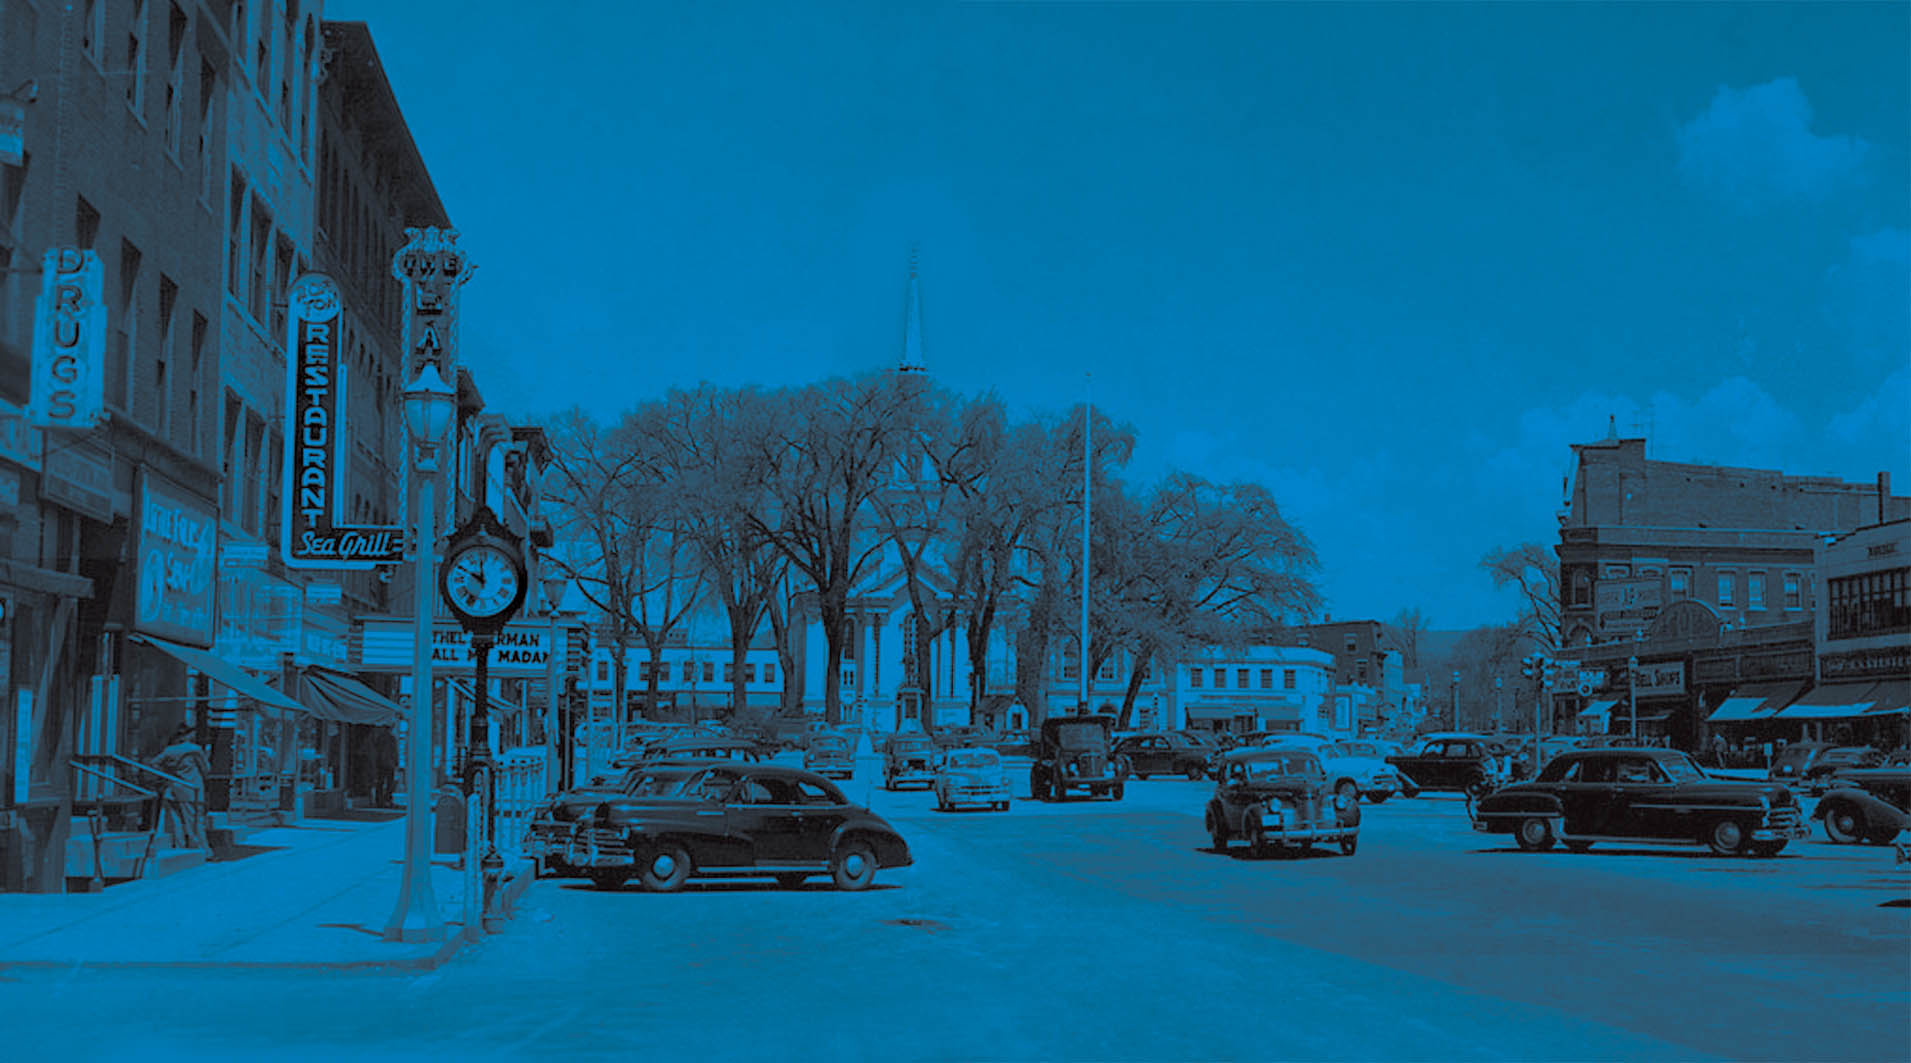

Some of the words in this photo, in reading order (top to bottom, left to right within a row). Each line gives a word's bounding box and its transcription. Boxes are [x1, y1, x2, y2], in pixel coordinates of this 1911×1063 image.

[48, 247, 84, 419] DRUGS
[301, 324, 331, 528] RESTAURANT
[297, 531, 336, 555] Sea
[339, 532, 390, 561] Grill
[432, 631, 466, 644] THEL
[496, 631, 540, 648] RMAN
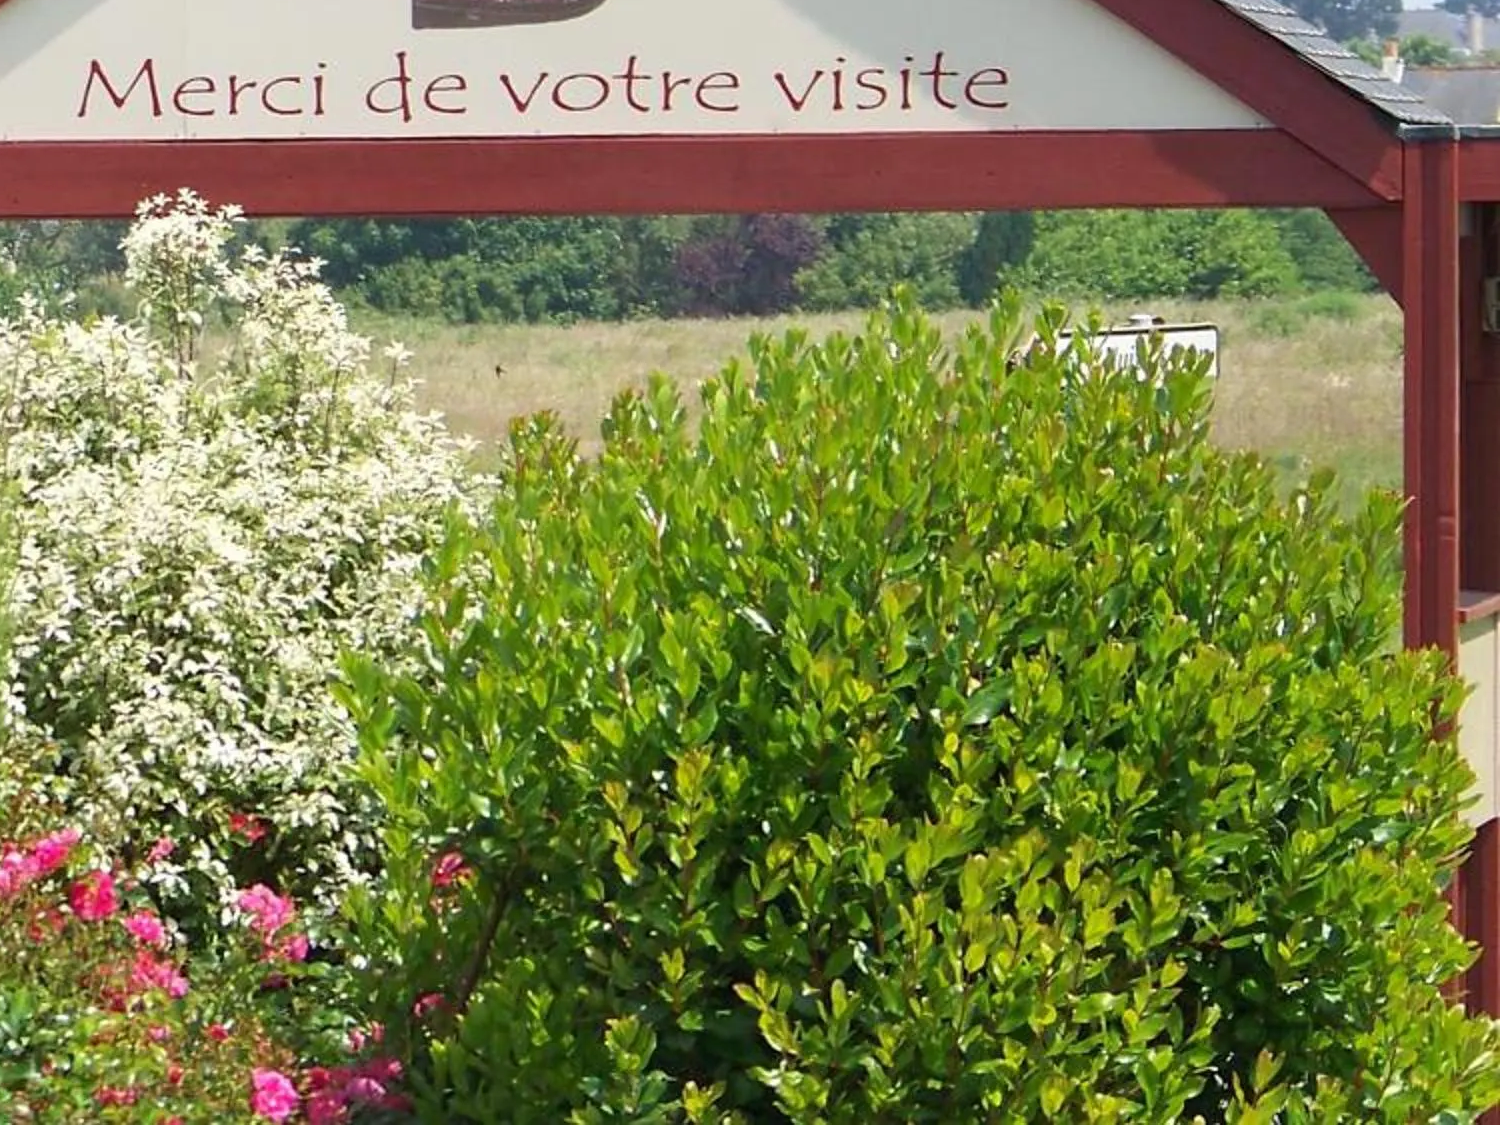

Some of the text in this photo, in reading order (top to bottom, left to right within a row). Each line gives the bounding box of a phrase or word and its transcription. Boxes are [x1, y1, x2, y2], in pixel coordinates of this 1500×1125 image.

====

TASK INSTRUCTIONS =
Every entry, word for word: repeat it, but skip the images.

WRITTEN REPLY =
Some of the words in this photo, in reading order (top to bottom, left to right within a row). Each line gives a word's bounding box and its transcription. Boxes are [x1, y1, x2, y2], in pixel coordinates of this 1911×1063 image.

[48, 247, 84, 419] DRUGS
[301, 324, 331, 528] RESTAURANT
[297, 531, 336, 555] Sea
[339, 532, 390, 561] Grill
[432, 631, 466, 644] THEL
[496, 631, 540, 648] RMAN

Some of the text in this photo, in reading order (top to bottom, left to right within a row). Each line gives the bounding box of a phrase or word and its transcription. Boxes are [x1, y1, x2, y2], in pixel coordinates of this 1500×1125 image.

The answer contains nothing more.